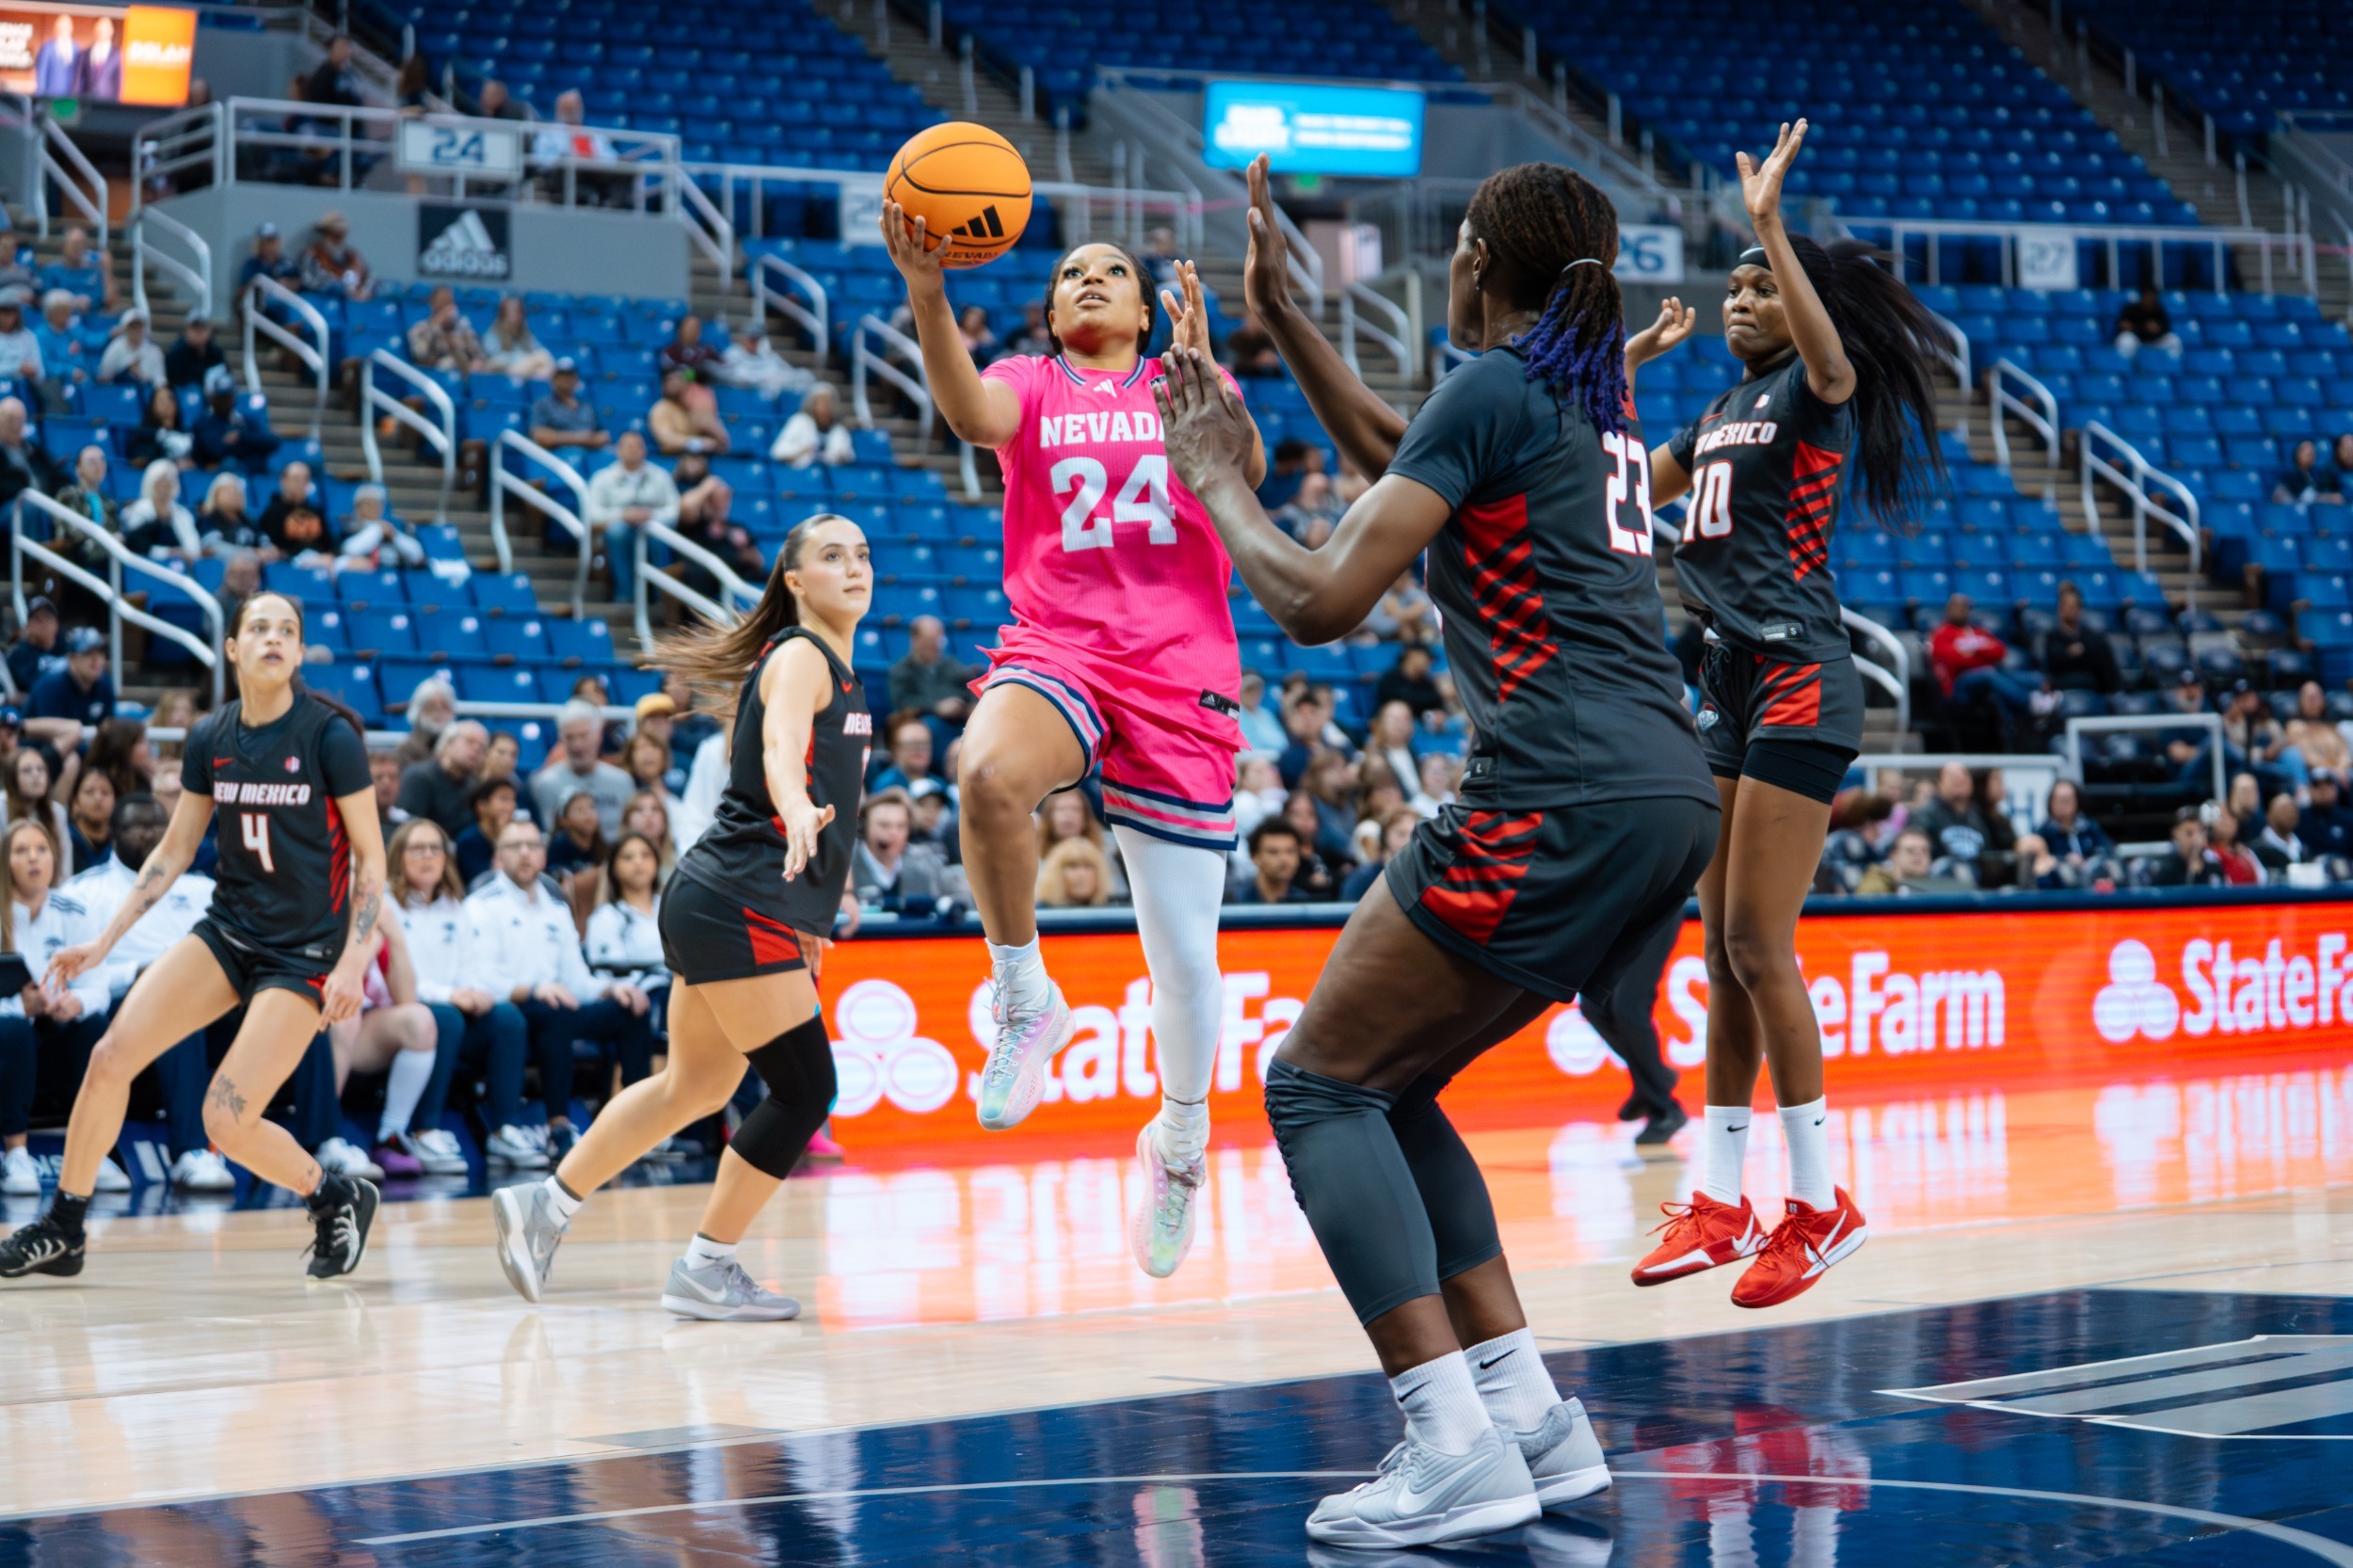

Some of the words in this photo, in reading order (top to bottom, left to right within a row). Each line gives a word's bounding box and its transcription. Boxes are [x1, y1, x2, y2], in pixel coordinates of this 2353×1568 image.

[432, 126, 486, 163] 24
[422, 248, 508, 275] adidas
[1050, 454, 1177, 553] 24
[1682, 458, 1734, 543] 10
[1790, 627, 1798, 635] S
[239, 782, 312, 807] MEXICO
[240, 811, 276, 873] 4
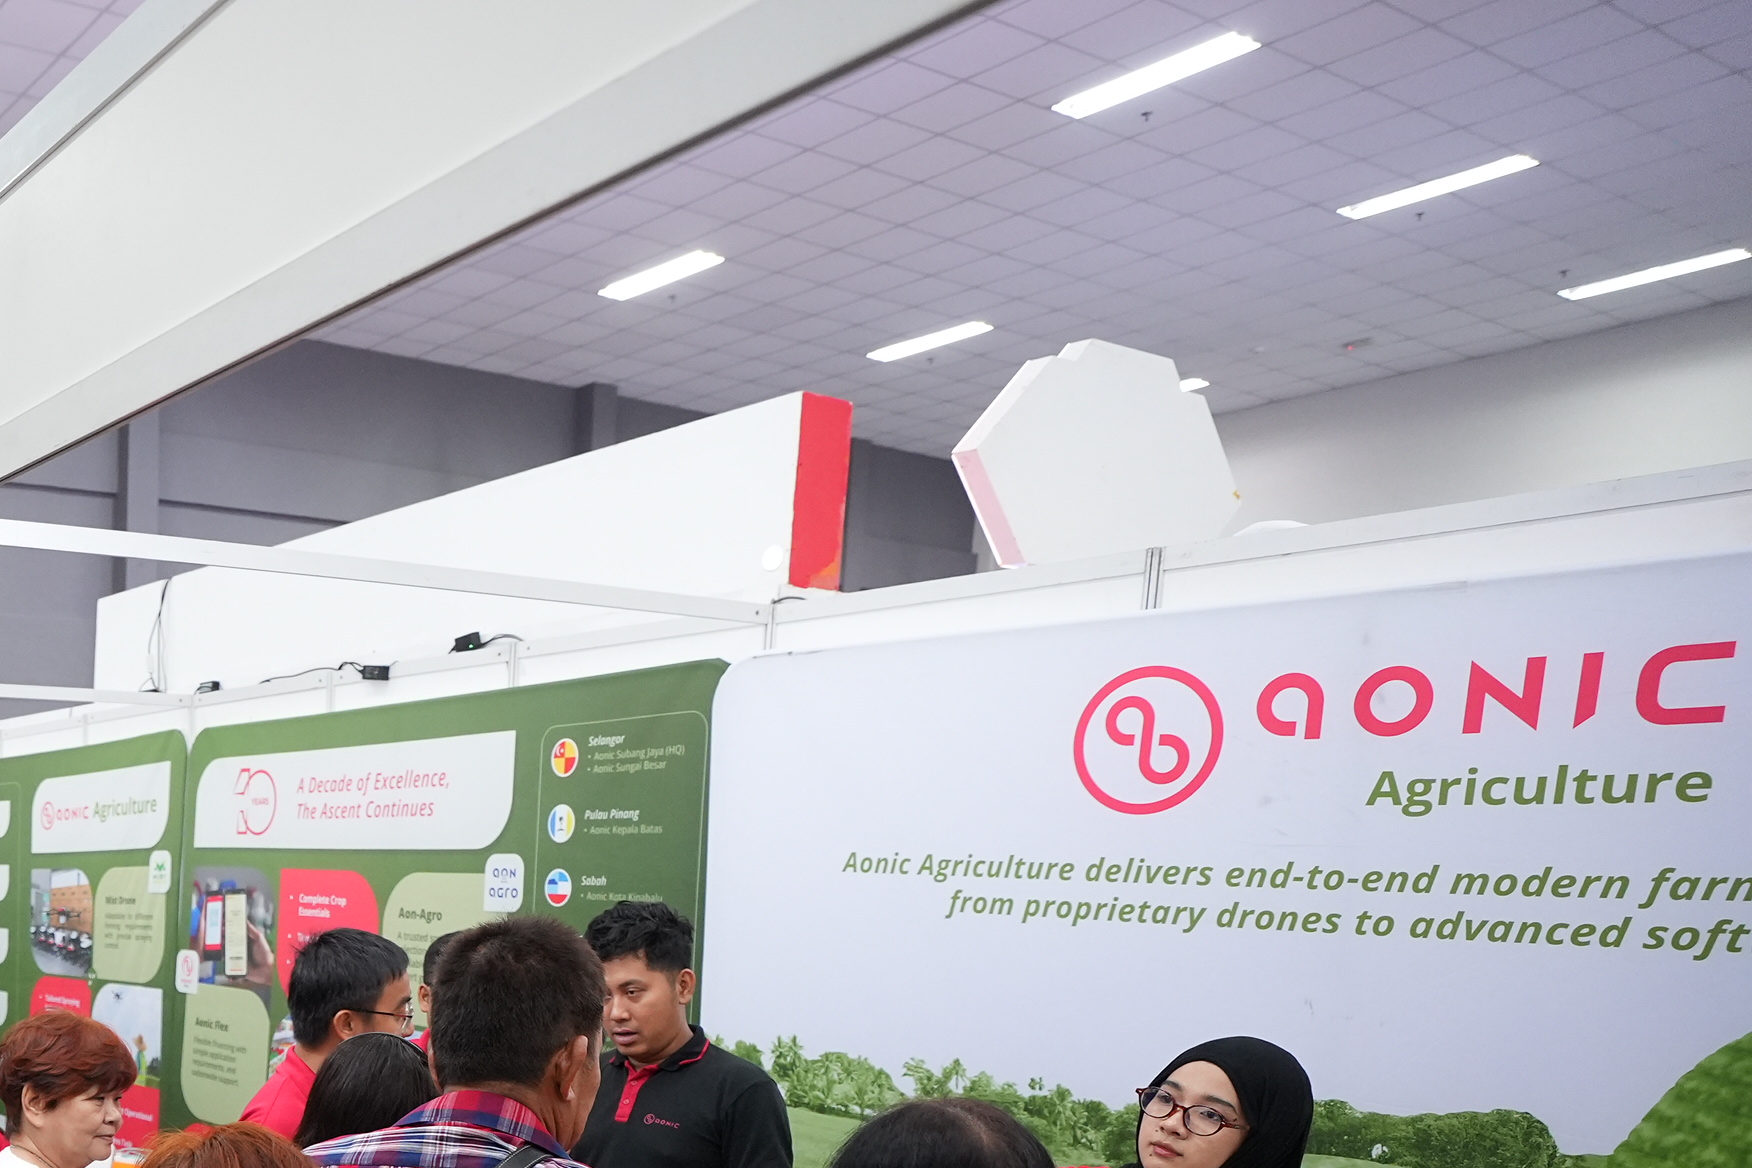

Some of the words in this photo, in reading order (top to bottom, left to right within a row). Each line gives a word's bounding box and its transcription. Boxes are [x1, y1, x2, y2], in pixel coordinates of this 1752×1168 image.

[588, 735, 626, 748] Selangor
[593, 751, 615, 761] Aonic
[616, 749, 646, 760] Subang
[646, 747, 664, 759] Jaya
[665, 744, 686, 757] (HQ)
[592, 764, 614, 774] Aonic
[615, 762, 642, 774] Sungai
[643, 760, 666, 771] Besar
[296, 777, 305, 794] A
[308, 775, 353, 794] Decade
[356, 772, 371, 797] of
[373, 770, 450, 791] Excellence,
[1365, 763, 1714, 818] Agriculture
[93, 797, 158, 823] Agriculture
[296, 803, 317, 820] The
[319, 801, 361, 820] Ascent
[365, 799, 435, 818] Continues
[584, 809, 608, 820] Pulau
[610, 808, 640, 821] Pinang
[589, 826, 611, 835] Aonic
[612, 825, 639, 836] Kepala
[640, 824, 663, 835] Batas
[580, 875, 607, 886] Sabah
[842, 851, 910, 875] Aonic
[917, 853, 1076, 883] Agriculture
[1084, 856, 1214, 886] delivers
[1224, 861, 1440, 895] end-to-end
[1449, 866, 1632, 901] modern
[299, 893, 330, 907] Complete
[330, 895, 347, 908] Crop
[298, 906, 331, 918] Essentials
[398, 907, 443, 924] Aon-Agro
[945, 889, 1014, 919] from
[1021, 896, 1208, 934] proprietary
[1216, 901, 1342, 934] drones
[1354, 909, 1396, 937] to
[1408, 910, 1633, 949] advanced
[194, 1017, 214, 1029] Aonic
[214, 1020, 229, 1032] Flex
══════
*WHAT IS REQUIRED*
The copy must match the listing above exactly but contain no pictures.

*SOLUTION FOR THIS EXERCISE*
Some of the words in this photo, in reading order (top to bottom, left to right within a row). Each line gives a word's bounding box and its transcription. Boxes are [x1, y1, x2, y2], in pixel coordinates of this 2353×1568 image.

[432, 126, 486, 163] 24
[422, 248, 508, 275] adidas
[1050, 454, 1177, 553] 24
[1682, 458, 1734, 543] 10
[1790, 627, 1798, 635] S
[239, 782, 312, 807] MEXICO
[240, 811, 276, 873] 4

Some of the words in this photo, in reading order (top to bottom, left to right within a row). Each line gives a word's bounding box and its transcription. Boxes are [x1, y1, x2, y2], in pixel coordinates of this 1752×1168 image.

[588, 735, 626, 748] Selangor
[593, 751, 615, 761] Aonic
[616, 749, 646, 760] Subang
[646, 747, 664, 759] Jaya
[665, 744, 686, 757] (HQ)
[592, 764, 614, 774] Aonic
[615, 762, 642, 774] Sungai
[643, 760, 666, 771] Besar
[296, 777, 305, 794] A
[308, 775, 353, 794] Decade
[356, 772, 371, 797] of
[373, 770, 450, 791] Excellence,
[1365, 763, 1714, 818] Agriculture
[93, 797, 158, 823] Agriculture
[296, 803, 317, 820] The
[319, 801, 361, 820] Ascent
[365, 799, 435, 818] Continues
[584, 809, 608, 820] Pulau
[610, 808, 640, 821] Pinang
[589, 826, 611, 835] Aonic
[612, 825, 639, 836] Kepala
[640, 824, 663, 835] Batas
[580, 875, 607, 886] Sabah
[842, 851, 910, 875] Aonic
[917, 853, 1076, 883] Agriculture
[1084, 856, 1214, 886] delivers
[1224, 861, 1440, 895] end-to-end
[1449, 866, 1632, 901] modern
[299, 893, 330, 907] Complete
[330, 895, 347, 908] Crop
[298, 906, 331, 918] Essentials
[398, 907, 443, 924] Aon-Agro
[945, 889, 1014, 919] from
[1021, 896, 1208, 934] proprietary
[1216, 901, 1342, 934] drones
[1354, 909, 1396, 937] to
[1408, 910, 1633, 949] advanced
[194, 1017, 214, 1029] Aonic
[214, 1020, 229, 1032] Flex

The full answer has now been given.